Add cost constraints

Add constraints to a conservation planning problem to ensure that the cost of selected planning units meets certain criteria.

Usage

add_cost_constraints(x, budget, sense)

Arguments

x

problem() object.

budget

numeric value specifying the maximum expenditure permitted for the solution. If x has multiple zones, then budget can be (i) a single numeric value to specify an overall budget for the entire solution or (ii) a numeric vector to specify a budget for each zone (separately) in the solution.

sense

character value specifying the constraint sense. Acceptable values are: ">=", "<=", or "=". If x has multiple zones, then sense can be (i) a single character value to specify a constraint sense for the entire solution or (ii) a character vector to specify a different constraint sense for each zone (separately) in the solution. Note that sense and budget must have the same number of values.

Value

An updated problem() object with the constraints added to it.

Details

This function adds constraints constraints that can be used to ensure that the cost of solutions meet certain criteria (see Examples section below for details). For example, these constraints can be used to specify both minimum and maximum budget thresholds. Note that this function provided as a convenient alternative for adding linear constraints (per add_linear_constraints()) to a problem().

Mathematical formulation

The cost constraints are implemented using the following equation. Let \(I\) denote the set of planning units (indexed by \(i\)), \(Z\) the set of management zones (indexed by \(z\)), and \(X_{iz}\) the decision variable for allocating planning unit \(i\) to zone \(z\) (e.g., with binary values indicating if each planning unit is allocated or not). Also, let \(D_{iz}\) denote the costs associated with planning units \(i \in I\) for zones \(z \in Z\) (per data, if supplied as a matrix object), \(\theta\) denote the constraint sense (per sense), and \(B\) denote the budget threshold (per budget).

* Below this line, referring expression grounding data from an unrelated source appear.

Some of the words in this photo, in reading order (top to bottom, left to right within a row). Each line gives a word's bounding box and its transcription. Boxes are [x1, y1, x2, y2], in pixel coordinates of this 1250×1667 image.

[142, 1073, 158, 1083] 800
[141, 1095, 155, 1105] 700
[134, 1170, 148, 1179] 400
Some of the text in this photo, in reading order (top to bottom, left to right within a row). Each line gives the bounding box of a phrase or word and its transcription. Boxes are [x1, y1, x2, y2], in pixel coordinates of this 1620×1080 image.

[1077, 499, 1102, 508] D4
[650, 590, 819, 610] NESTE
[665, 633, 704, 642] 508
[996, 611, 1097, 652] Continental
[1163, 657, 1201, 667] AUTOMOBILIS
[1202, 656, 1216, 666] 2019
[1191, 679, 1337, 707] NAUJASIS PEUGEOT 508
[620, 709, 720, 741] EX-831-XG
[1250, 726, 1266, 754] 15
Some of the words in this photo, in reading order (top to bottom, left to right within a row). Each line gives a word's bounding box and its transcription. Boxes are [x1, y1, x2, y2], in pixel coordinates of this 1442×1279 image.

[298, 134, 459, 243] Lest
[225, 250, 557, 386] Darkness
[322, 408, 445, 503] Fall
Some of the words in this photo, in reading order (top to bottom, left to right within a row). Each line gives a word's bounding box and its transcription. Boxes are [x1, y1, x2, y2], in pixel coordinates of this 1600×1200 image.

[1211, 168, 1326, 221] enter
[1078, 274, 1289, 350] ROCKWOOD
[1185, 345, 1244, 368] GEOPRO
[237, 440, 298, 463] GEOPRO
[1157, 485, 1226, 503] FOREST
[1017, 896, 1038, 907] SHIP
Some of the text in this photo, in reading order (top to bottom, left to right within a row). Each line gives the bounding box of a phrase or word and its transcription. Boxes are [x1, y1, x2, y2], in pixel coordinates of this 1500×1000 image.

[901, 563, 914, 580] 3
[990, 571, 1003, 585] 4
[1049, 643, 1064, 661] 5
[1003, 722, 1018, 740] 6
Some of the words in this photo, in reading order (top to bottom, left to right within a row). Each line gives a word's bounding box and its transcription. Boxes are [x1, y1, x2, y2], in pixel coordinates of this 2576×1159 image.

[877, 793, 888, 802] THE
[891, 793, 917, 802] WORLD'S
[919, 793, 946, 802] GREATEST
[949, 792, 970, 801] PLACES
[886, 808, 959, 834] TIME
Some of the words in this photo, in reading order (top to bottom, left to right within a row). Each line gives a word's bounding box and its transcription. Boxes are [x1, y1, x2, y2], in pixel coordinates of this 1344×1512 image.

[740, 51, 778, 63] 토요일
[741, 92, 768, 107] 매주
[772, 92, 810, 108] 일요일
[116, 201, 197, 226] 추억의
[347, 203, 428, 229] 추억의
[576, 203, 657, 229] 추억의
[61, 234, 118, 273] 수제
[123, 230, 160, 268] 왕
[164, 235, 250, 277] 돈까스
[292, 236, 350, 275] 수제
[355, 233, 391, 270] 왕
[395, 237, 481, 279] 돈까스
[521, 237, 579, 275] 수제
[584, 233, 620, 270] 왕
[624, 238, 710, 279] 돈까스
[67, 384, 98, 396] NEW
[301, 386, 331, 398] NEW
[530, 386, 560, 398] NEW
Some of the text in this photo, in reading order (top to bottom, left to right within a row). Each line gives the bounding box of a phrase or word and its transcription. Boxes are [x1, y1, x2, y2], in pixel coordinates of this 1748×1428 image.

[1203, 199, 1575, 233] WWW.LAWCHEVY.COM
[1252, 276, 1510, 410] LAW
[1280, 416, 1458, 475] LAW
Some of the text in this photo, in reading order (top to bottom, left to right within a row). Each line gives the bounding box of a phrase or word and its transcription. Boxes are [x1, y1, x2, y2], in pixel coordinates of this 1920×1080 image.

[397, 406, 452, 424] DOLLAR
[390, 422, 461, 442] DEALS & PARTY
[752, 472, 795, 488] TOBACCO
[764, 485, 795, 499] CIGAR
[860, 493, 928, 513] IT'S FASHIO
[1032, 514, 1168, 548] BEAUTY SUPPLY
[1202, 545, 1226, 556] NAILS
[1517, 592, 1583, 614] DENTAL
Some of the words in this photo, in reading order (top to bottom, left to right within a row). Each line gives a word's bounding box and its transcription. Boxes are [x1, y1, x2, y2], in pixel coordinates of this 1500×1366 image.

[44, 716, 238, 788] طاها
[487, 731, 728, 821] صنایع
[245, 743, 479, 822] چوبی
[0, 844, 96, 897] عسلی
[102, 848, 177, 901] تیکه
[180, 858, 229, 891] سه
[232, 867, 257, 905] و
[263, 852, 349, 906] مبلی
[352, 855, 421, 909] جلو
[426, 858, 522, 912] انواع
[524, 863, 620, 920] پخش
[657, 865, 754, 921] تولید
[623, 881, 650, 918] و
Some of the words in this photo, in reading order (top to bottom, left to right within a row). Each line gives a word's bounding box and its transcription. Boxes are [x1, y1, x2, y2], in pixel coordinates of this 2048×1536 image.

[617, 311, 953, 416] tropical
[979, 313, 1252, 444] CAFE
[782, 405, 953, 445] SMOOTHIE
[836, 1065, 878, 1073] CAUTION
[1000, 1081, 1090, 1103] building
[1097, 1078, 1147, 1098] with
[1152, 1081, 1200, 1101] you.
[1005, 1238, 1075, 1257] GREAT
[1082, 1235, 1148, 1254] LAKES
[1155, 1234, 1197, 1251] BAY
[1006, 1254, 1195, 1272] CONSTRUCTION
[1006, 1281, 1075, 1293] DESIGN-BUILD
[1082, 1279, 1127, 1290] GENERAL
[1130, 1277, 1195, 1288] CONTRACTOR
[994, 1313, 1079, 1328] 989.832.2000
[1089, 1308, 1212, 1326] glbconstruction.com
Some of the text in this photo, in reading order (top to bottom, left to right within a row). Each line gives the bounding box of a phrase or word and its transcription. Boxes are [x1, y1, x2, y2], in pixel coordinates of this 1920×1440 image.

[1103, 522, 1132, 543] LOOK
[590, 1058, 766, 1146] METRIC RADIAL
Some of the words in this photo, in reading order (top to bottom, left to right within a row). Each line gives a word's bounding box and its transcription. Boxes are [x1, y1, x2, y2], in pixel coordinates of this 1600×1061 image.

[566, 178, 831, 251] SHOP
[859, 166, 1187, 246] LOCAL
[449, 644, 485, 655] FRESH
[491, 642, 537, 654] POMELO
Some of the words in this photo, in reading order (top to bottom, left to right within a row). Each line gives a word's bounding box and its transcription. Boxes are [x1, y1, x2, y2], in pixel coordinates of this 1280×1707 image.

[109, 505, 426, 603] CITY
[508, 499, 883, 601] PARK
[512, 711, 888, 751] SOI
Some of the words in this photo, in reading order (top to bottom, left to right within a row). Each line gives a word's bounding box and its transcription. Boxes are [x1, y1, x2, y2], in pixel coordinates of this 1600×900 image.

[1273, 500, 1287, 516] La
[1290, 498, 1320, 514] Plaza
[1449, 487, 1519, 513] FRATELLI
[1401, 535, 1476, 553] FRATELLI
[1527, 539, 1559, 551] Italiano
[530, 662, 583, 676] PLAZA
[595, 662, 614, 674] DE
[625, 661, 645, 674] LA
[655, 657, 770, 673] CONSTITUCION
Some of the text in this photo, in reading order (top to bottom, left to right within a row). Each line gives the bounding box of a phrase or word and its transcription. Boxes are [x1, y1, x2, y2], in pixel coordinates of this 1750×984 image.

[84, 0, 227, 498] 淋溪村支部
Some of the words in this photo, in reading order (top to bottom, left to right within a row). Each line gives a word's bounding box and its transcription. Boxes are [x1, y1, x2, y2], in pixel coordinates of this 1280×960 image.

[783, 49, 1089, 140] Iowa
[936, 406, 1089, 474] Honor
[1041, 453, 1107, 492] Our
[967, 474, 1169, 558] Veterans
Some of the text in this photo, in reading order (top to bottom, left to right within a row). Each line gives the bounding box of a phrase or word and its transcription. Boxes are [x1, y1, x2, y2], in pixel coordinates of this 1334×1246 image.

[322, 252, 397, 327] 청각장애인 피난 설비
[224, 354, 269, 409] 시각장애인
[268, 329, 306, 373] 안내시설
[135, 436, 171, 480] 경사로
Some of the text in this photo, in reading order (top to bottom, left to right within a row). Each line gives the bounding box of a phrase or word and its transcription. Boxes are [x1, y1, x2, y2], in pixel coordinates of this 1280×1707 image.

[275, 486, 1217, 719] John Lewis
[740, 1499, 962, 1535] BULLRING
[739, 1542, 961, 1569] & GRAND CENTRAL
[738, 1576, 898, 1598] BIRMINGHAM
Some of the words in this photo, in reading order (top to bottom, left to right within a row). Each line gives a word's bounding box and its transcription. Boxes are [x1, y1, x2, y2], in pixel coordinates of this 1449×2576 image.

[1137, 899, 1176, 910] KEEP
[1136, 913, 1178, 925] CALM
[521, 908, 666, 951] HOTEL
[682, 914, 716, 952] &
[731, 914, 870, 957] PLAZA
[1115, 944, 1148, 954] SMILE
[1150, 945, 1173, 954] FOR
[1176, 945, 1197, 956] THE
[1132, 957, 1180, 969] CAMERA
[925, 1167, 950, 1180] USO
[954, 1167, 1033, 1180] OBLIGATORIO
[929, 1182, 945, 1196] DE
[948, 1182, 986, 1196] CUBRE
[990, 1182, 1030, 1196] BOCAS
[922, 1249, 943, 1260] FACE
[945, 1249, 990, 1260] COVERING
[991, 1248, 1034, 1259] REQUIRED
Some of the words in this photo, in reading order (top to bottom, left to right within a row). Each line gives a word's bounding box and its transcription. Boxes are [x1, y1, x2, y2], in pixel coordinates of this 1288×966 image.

$$ \sum_{i}^{I} \sum_{z}^{Z} (D_{iz} \times X_{iz}) \space \theta \space t $$

See also

Other functions for adding constraints: add_contiguity_constraints(), add_feature_contiguity_constraints(), add_linear_constraints(), add_locked_in_constraints(), add_locked_out_constraints(), add_mandatory_allocation_constraints(), add_manual_bounded_constraints(), add_manual_locked_constraints(), add_neighbor_constraints()

Examples

# set seed for reproducibility
set.seed(600)

# load data
sim_complex_pu_raster <- get_sim_complex_pu_raster()
sim_complex_features <- get_sim_complex_features()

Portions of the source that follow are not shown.